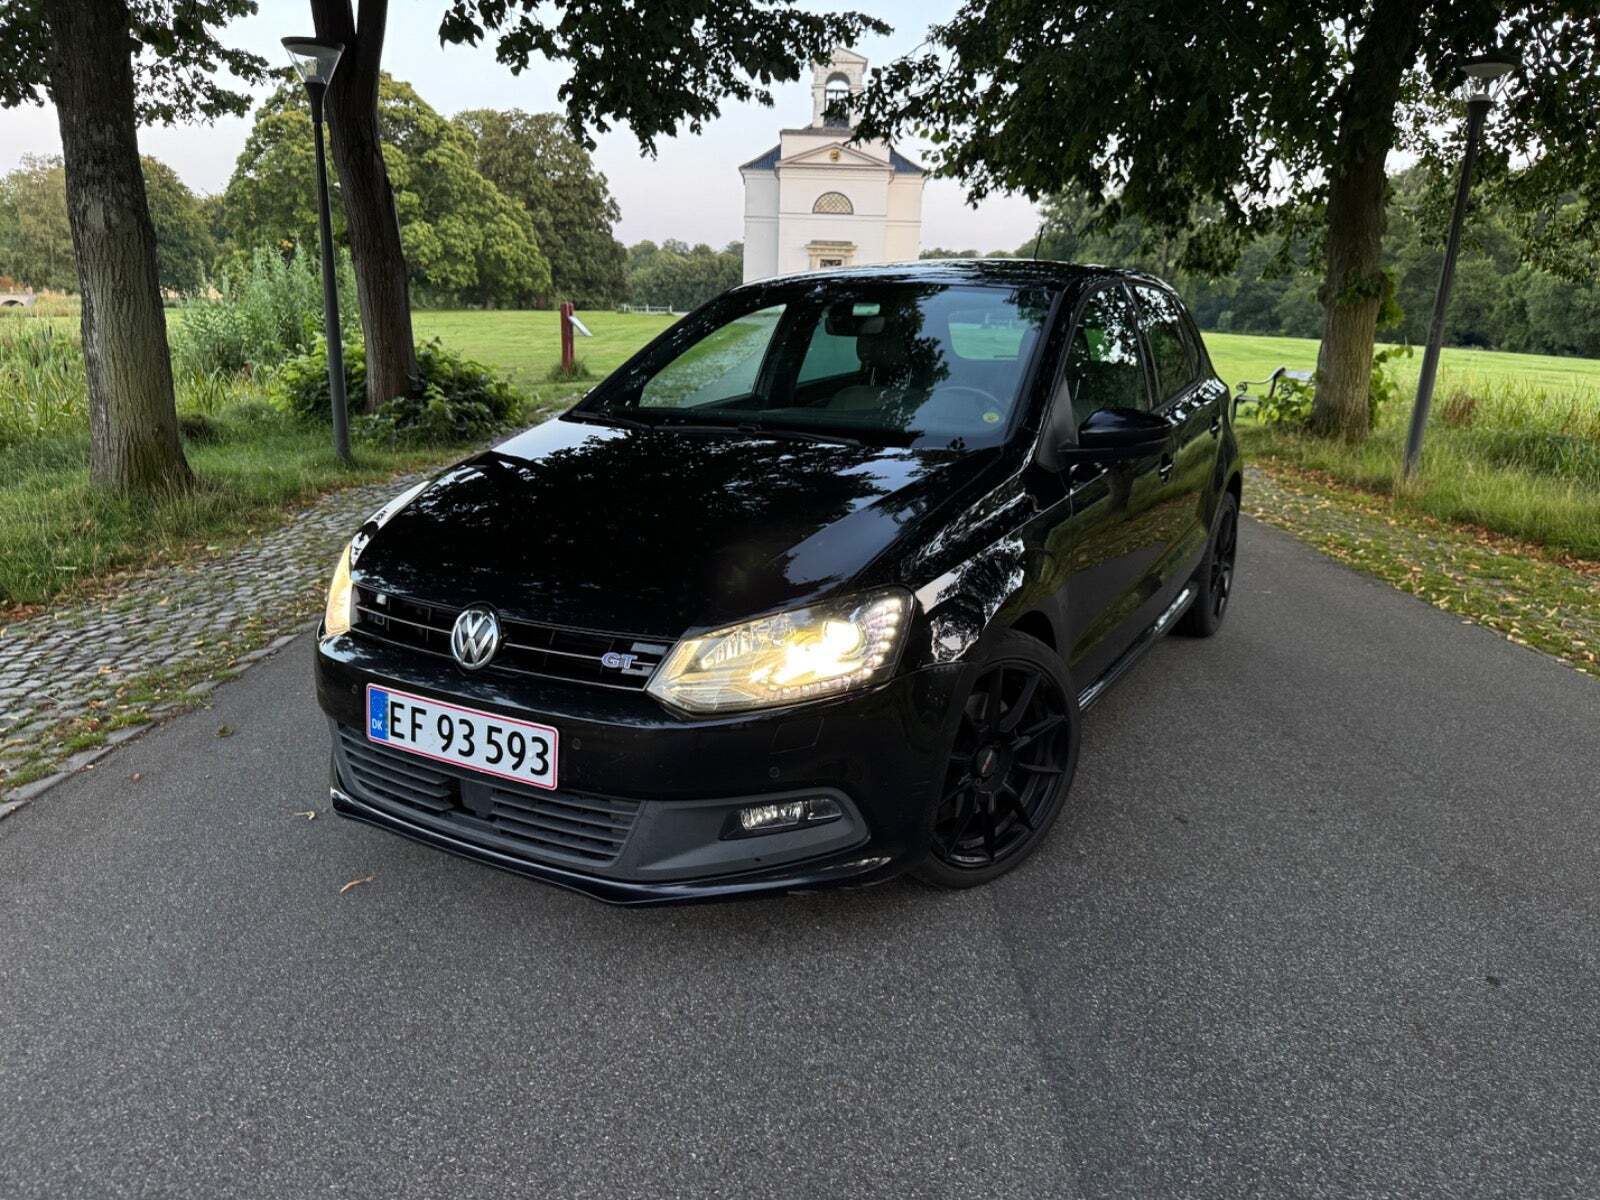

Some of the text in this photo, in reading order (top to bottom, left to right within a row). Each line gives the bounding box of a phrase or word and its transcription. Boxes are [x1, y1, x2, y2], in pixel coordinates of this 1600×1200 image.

[451, 609, 498, 670] VW
[601, 652, 638, 669] GT
[371, 718, 383, 731] DK
[390, 701, 549, 776] EF 93 593
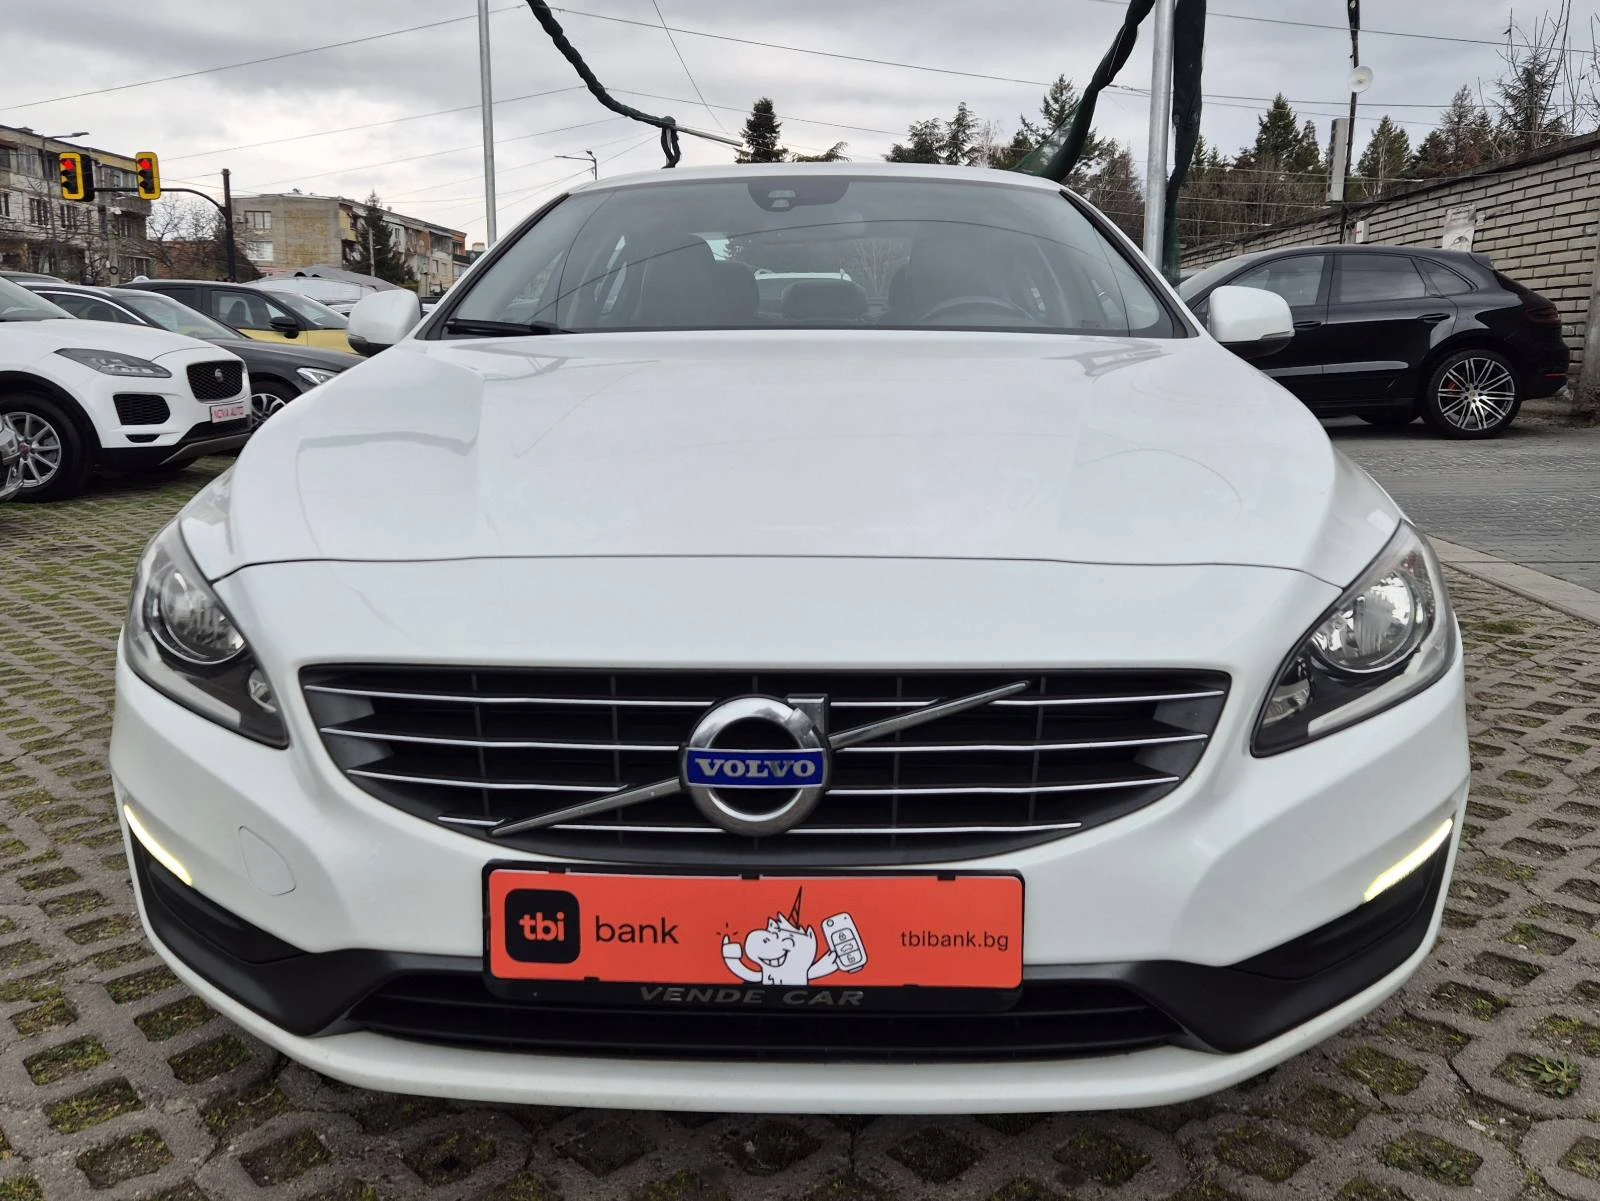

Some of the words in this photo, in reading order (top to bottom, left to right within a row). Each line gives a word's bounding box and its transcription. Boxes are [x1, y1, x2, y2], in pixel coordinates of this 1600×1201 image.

[694, 758, 816, 778] VOLVO
[519, 912, 565, 942] tbi
[595, 915, 680, 944] bank
[900, 930, 1009, 952] tbibank.bg
[639, 986, 765, 1004] VENDE
[782, 989, 864, 1006] CAR
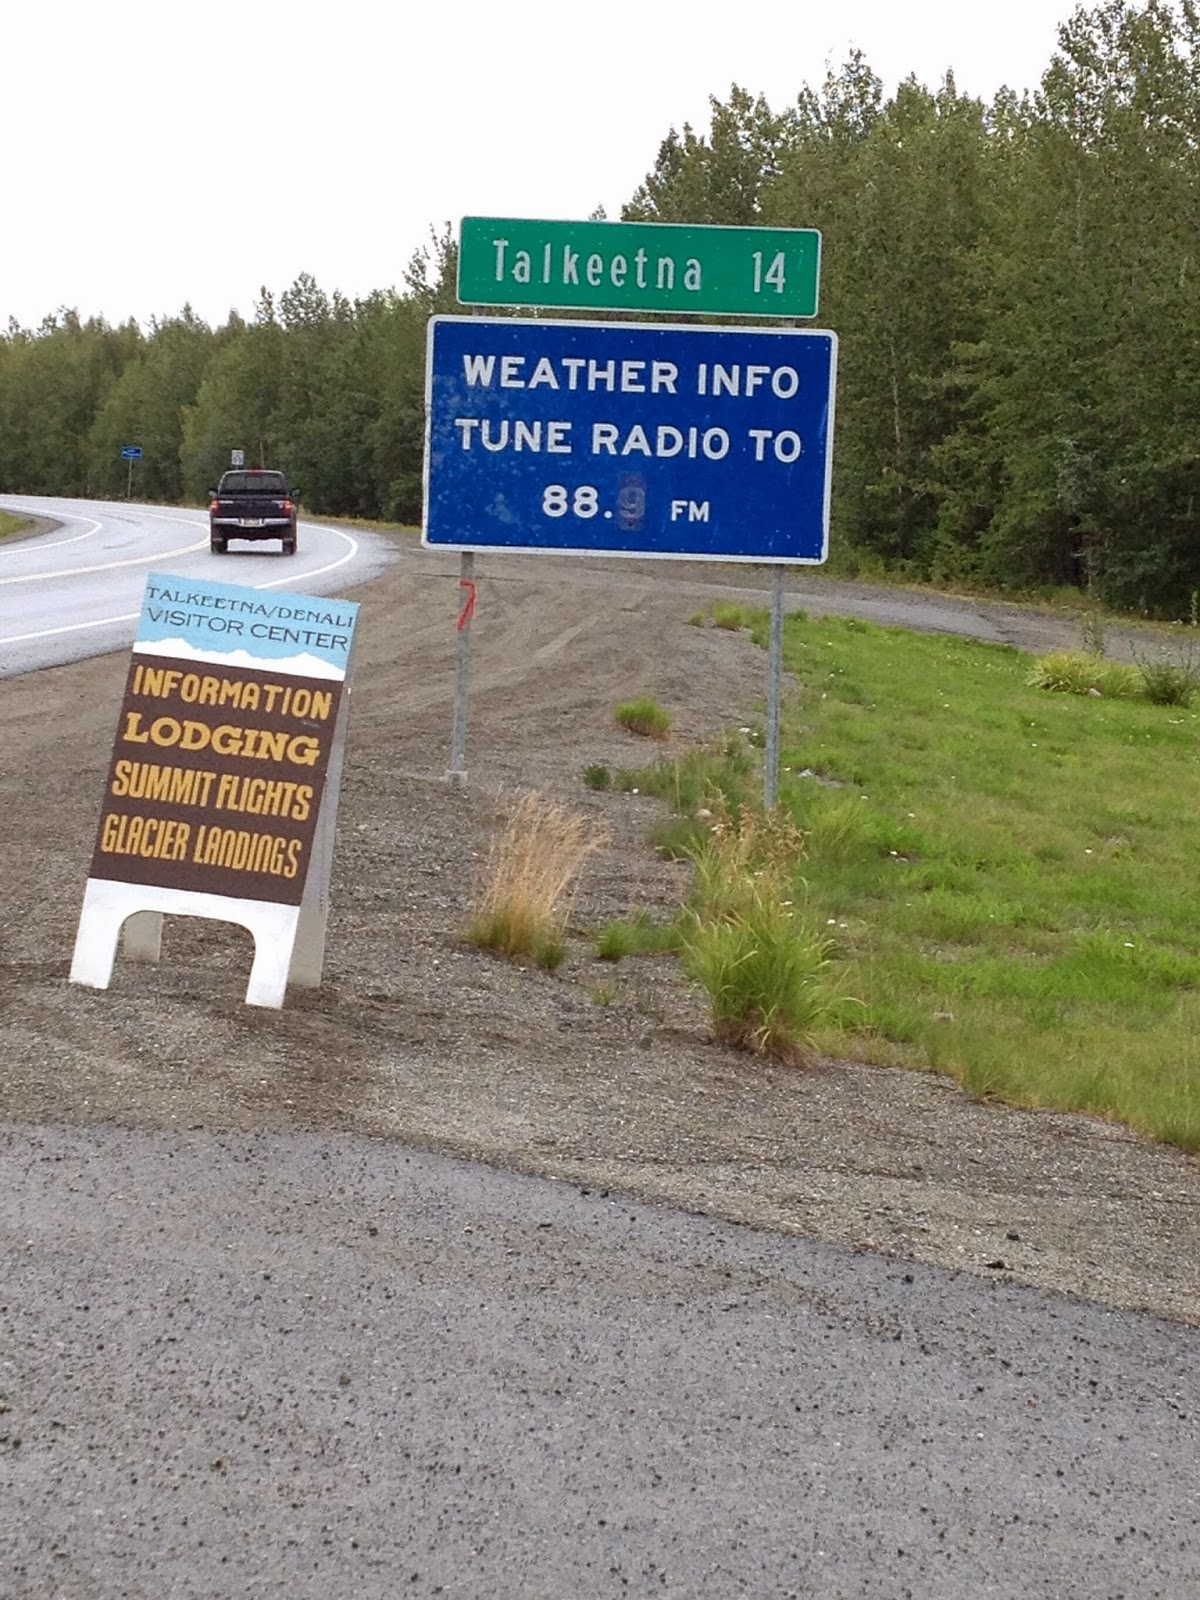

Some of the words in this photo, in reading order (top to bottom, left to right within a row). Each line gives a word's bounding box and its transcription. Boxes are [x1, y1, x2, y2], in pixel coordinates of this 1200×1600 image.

▶ [WHAT THE TASK REQUIRES] Make an exact copy of the records, pictures excluded.

▶ [ANSWER TO THIS TASK]
Some of the text in this photo, in reading order (top to bottom, left to right within a row). Each line gives the bounding box of a phrase or word and its transcription. Boxes are [x1, y1, x2, y2], in pixel coordinates of this 1600×1200 image.

[451, 609, 498, 670] VW
[601, 652, 638, 669] GT
[371, 718, 383, 731] DK
[390, 701, 549, 776] EF 93 593

Some of the words in this photo, in reading order (top to bottom, left to right within a row). Each line gives a word's bounding box and its transcription. Boxes are [x1, y1, x2, y2], in pixel coordinates of this 1600×1201 image.

[694, 758, 816, 778] VOLVO
[519, 912, 565, 942] tbi
[595, 915, 680, 944] bank
[900, 930, 1009, 952] tbibank.bg
[639, 986, 765, 1004] VENDE
[782, 989, 864, 1006] CAR

Some of the words in this photo, in reading order (top to bottom, left to right within a row). Each line gives a word's bounding box and its transcription. Boxes are [x1, y1, x2, y2], in pixel coordinates of this 1200×1600 image.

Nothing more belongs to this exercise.